Re: [PATCH v12 07/26] nvme-tcp: Add DDP offload control path

All of lore.kernel.org
 help / color / mirror / Atom feed

From: Aurelien Aptel <aaptel@nvidia.com>
To: Sagi Grimberg <sagi@grimberg.me>,
	linux-nvme@lists.infradead.org, netdev@vger.kernel.org,
	hch@lst.de, kbusch@kernel.org, axboe@fb.com,
	chaitanyak@nvidia.com, davem@davemloft.net, kuba@kernel.org
Cc: Boris Pismenny <borisp@nvidia.com>,
	aurelien.aptel@gmail.com, smalin@nvidia.com, malin1024@gmail.com,
	ogerlitz@nvidia.com, yorayz@nvidia.com, galshalom@nvidia.com,
	mgurtovoy@nvidia.com
Subject: Re: [PATCH v12 07/26] nvme-tcp: Add DDP offload control path
Date: Wed, 16 Aug 2023 15:30:44 +0300	[thread overview]
Message-ID: <253wmxvuq2z.fsf@nvidia.com> (raw)
In-Reply-To: <bc5cd2a7-efc4-e4df-cae5-5c527dd704a6@grimberg.me>

Sagi Grimberg <sagi@grimberg.me> writes:
>>>> +     if (!netdev || !queue)
>>>> +             return false;
>>>
>>> Is it reasonable to be called here with !netdev or !queue ?
>>
>> The check is needed only for the IO queue case but we can move it
>> earlier in nvme_tcp_start_queue().
>
> I still don't understand even on io queues how this can happen.

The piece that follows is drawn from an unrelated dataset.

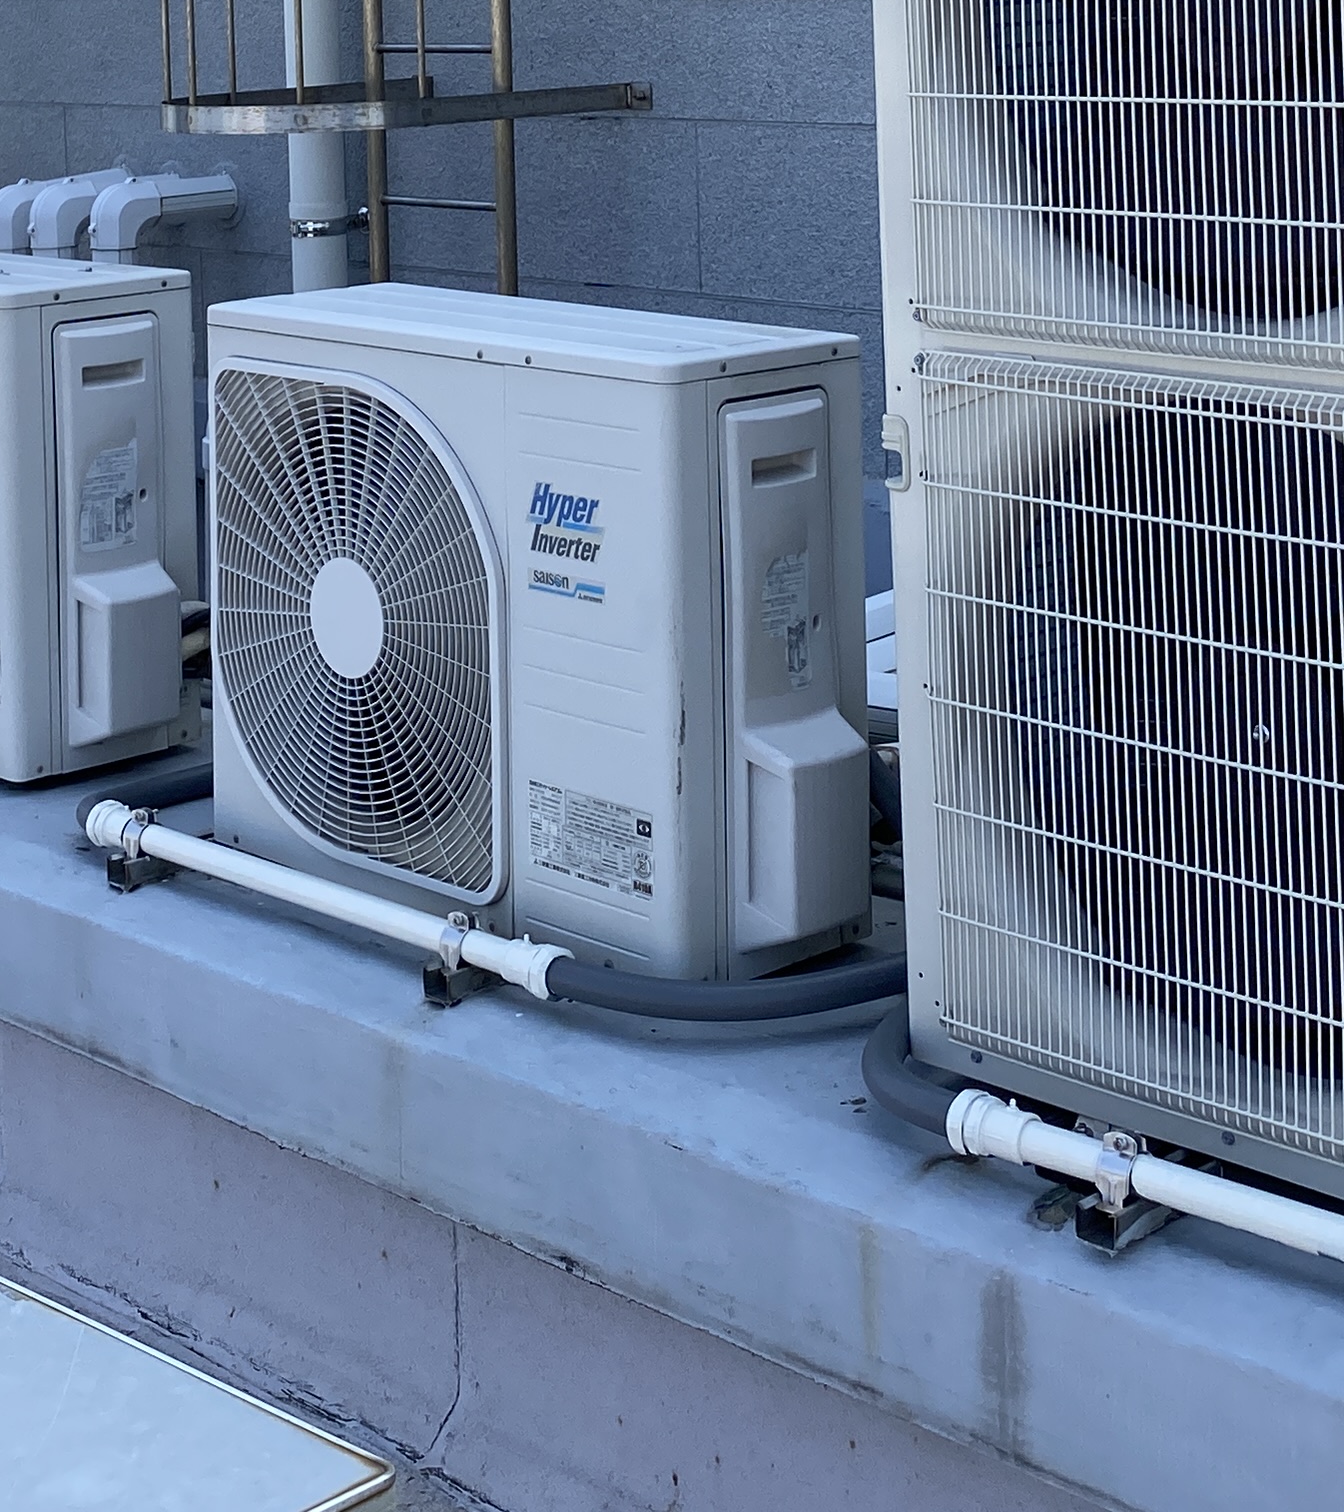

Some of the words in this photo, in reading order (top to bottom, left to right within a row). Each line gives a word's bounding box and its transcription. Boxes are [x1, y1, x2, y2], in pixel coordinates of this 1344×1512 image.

In case where the netdev does not support DDP, when the admin queue is
started, netdev->offloading_netdev will not be set and therefore will be
NULL.

Later, when the IO queue is started:

    netdev = queue->ctrl->offloading_netdev; <== NULL
    if (is_netdev_ulp_offload_active(netdev, queue)) { <== we pass NULL

We can move the NULL check higher-up if you prefer, like so:

    if (queue->ctrl->offloading_netdev &&
        is_netdev_ulp_offload_active(queue->ctrl->offloading_netdev, queue)) {

>>>> +
>>>> +     /* If we cannot query the netdev limitations, do not offload */
>>>> +     if (!nvme_tcp_ddp_query_limits(netdev, queue))
>>>> +             return false;
>>>> +
>>>> +     /* If netdev supports nvme-tcp ddp offload, we can offload */
>>>> +     if (test_bit(ULP_DDP_C_NVME_TCP_BIT, netdev->ulp_ddp_caps.active))
>>>> +             return true;
>>>
>>> This should be coming from the API itself, have the limits query
>>> api fail if this is off.
>>
>> We can move the function to the ULP DDP layer.
>>
>>> btw, what is the active thing? is this driven from ethtool enable?
>>> what happens if the user disables it while there is a ulp using it?
>>
>> The active bits are indeed driven by ethtool according to the design
>> Jakub suggested.
>> The nvme-tcp connection will have to be reconnected to see the effect of
>> changing the bit.
>
> It should move inside the api as well. Don't want to care about it in
> nvme.

Ok, we will move it there.

>>>> +
>>>> +     return false;
>>>
>>> This can be folded to the above function.
>>
>> We won't be able to check for TLS in a common wrapper. We think this
>> should be kept.
>
> Why? any tcp ddp need to be able to support tls. Nothing specific to
> nvme here.

True, we will move it to the ULP wrapper.

>>>> +     /*
>>>> +      * The atomic operation guarantees that we don't miss any NIC driver
>>>> +      * resync requests submitted after the above checks.
>>>> +      */
>>>> +     if (atomic64_cmpxchg(&queue->resync_req, pdu_val,
>>>> +                          pdu_val & ~ULP_DDP_RESYNC_PENDING) !=
>>>> +                          atomic64_read(&queue->resync_req))
>>>> +             netdev->netdev_ops->ulp_ddp_ops->resync(netdev,
>>>> +                                                     queue->sock->sk,
>>>> +                                                     pdu_seq);
>>>
>>> Who else is doing an atomic on this value? and what happens
>>> if the cmpxchg fails?
>>
>> The driver thread can set queue->resync_req concurrently in patch
>> "net/mlx5e: NVMEoTCP, data-path for DDP+DDGST offload" in function
>> nvmeotcp_update_resync().
>>
>> If the cmpxchg fails it means a new resync request was triggered by the
>> HW, the old request will be dropped and the new one will be processed by
>> a later PDU.
>
> So resync_req is actually the current tcp sequence number or something?
> The name resync_req is very confusing.

queue->resync_req is the TCP sequence for which the HW requested a
resync operation. We can rename it with queue->resync_tcp_seq.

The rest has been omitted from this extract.